Brief —
The result should be all the records, exact and complete, without a single picture.

Stored entries:
§

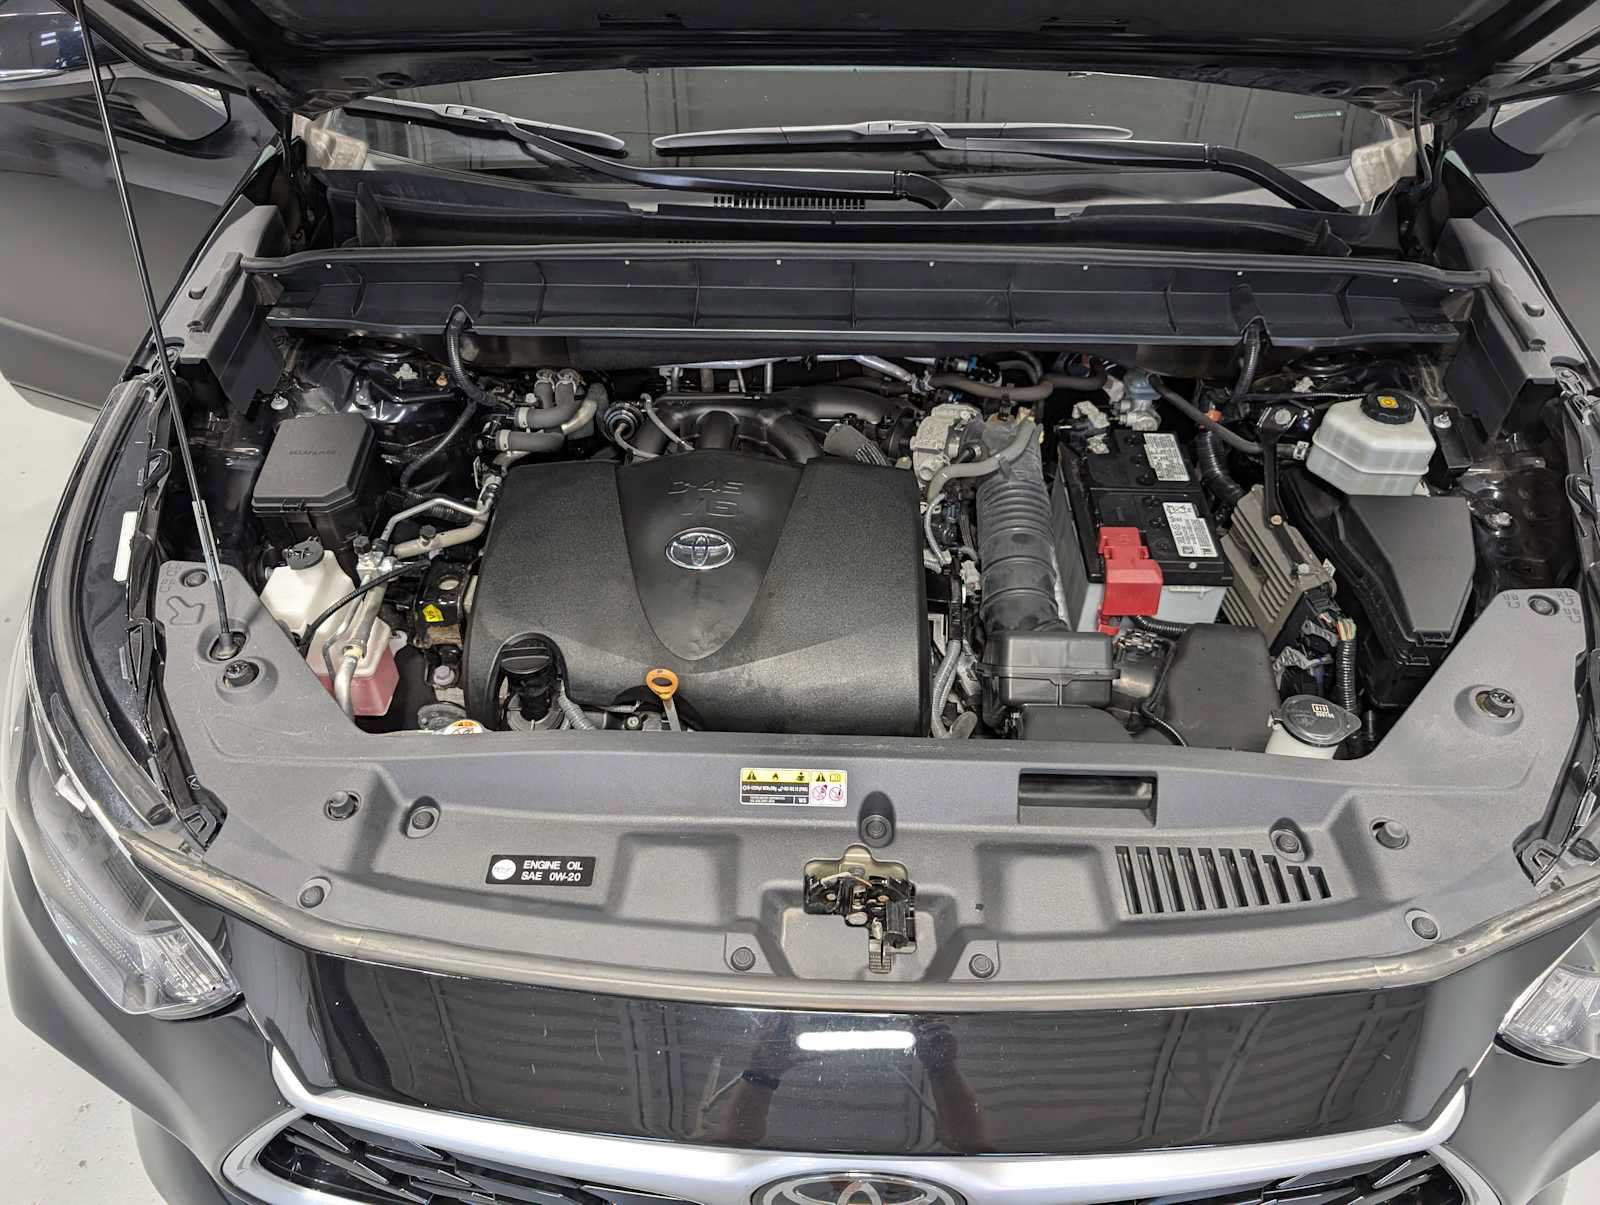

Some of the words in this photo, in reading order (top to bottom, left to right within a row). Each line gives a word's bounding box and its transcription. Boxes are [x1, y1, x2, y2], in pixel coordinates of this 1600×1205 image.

[523, 860, 561, 870] ENGINE
[566, 861, 583, 870] OIL
[521, 871, 543, 880] SAE
[549, 872, 581, 882] 0W-20

§

Answer area —
Some of the words in this photo, in reading order (top to bottom, left to right within a row). Each line gives a word's bounding box and its transcription. Boxes are [x1, y1, x2, y2], in pixel coordinates of this 1600×1205 image.

[523, 860, 561, 870] ENGINE
[566, 861, 583, 870] OIL
[521, 871, 543, 880] SAE
[549, 872, 581, 882] 0W-20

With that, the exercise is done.